I read in this morning’s Irish Times that the Dept of Education is proposing to increase class sizes: School class sizes set to increase So they are planning to have more children in each class, both at primary and second level. The population of the Republic of Ireland has increased by 341, 421 in the last five years (source: CSO ) and as Sean Flynn points out in his opinion piece in today’s paper, Ireland’s primary school class sizes are already among the most overcrowded in the EU: Quinn faces reality check in education reform drive. We have all seen primary schools with a number of temporary classrooms (or portacabins if you want to be blunt) in use in order to accommodate increasing numbers of pupils. So our population is on the increase and our school buildings already cannot cope physically, yet our Dept. of Education is going to create larger classes.
Hmmm. Can’t see how that is going to work. It is widely accepted that smaller class sizes leads to better quality of education for children. Certainly a teacher can give more attention to each child if s/he is teaching a class of 20 rather than one of 25, or 30. And that is before you consider the issue of children with special educational needs. There have already been protests and campaiging (some of which you can read about in previous posts on this very blog) on the issue of cuts to SNA positions and in resource hours. Children with special needs – of whatever kind they may be – have a right to receive an education. Many children with special needs are now educated in mainstream schools, and that is a good thing. But only if they get the extra help they need. So how will that happen if there are going to be more children in the class, and less help for those children. The answer is very simple: it won’t happen. Children with special needs will not receive the extra help they need. How can they when their SNA is gone and the teacher has more children in the class?
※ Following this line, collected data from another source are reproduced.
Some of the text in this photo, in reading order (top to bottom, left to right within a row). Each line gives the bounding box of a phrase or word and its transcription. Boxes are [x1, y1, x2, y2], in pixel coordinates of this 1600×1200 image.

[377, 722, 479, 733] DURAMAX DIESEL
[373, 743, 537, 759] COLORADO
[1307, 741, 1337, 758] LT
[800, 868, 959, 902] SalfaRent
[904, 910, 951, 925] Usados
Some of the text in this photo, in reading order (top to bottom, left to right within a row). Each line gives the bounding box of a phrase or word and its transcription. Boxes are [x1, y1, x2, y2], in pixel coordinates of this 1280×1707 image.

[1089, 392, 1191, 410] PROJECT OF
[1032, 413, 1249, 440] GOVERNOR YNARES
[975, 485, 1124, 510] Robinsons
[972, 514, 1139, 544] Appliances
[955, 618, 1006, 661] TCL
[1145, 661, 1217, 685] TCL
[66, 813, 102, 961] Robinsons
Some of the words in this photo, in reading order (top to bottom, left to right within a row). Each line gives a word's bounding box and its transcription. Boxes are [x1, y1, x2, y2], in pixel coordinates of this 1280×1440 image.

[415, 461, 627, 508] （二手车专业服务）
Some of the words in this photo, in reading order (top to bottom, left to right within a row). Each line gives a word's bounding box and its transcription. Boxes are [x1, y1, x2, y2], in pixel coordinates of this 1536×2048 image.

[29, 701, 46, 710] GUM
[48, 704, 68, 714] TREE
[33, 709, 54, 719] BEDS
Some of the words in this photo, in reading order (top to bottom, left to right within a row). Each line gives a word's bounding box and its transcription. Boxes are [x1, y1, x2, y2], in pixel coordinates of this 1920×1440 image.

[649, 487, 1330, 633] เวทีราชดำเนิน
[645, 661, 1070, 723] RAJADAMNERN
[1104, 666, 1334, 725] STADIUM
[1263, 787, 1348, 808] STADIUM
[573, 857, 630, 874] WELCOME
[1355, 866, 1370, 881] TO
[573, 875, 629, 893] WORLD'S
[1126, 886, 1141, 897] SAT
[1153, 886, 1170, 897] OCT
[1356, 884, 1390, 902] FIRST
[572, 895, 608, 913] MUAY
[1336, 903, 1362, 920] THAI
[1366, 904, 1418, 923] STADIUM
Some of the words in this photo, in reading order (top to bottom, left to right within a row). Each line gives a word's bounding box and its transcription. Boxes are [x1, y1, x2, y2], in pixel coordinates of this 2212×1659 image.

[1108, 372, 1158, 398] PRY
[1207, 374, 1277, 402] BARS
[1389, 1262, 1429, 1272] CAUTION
Ireland, as you may have heard, is not in the best of health economically. All government departments are being forced to make savings and Ruairi Quinn, the Minister for Education, has said that he will deliver on the required cuts. I don’t envy him his task. As he rightly pointed out at last week’s MacGill summer school, education’s share of national funds has actually contracted in recent years. Fifteen years ago 19% of the exchequer’s gross expenditure went on education. It currently accounts for 16%. Yet our population is increasing. I wholeheartedly back Minister Quinn in his call for a national debate on the importance of and priority we give to education but I don’t believe enforcing cuts and changes that are only going to negatively impact on the education of a generation of Ireland’s children is the first step.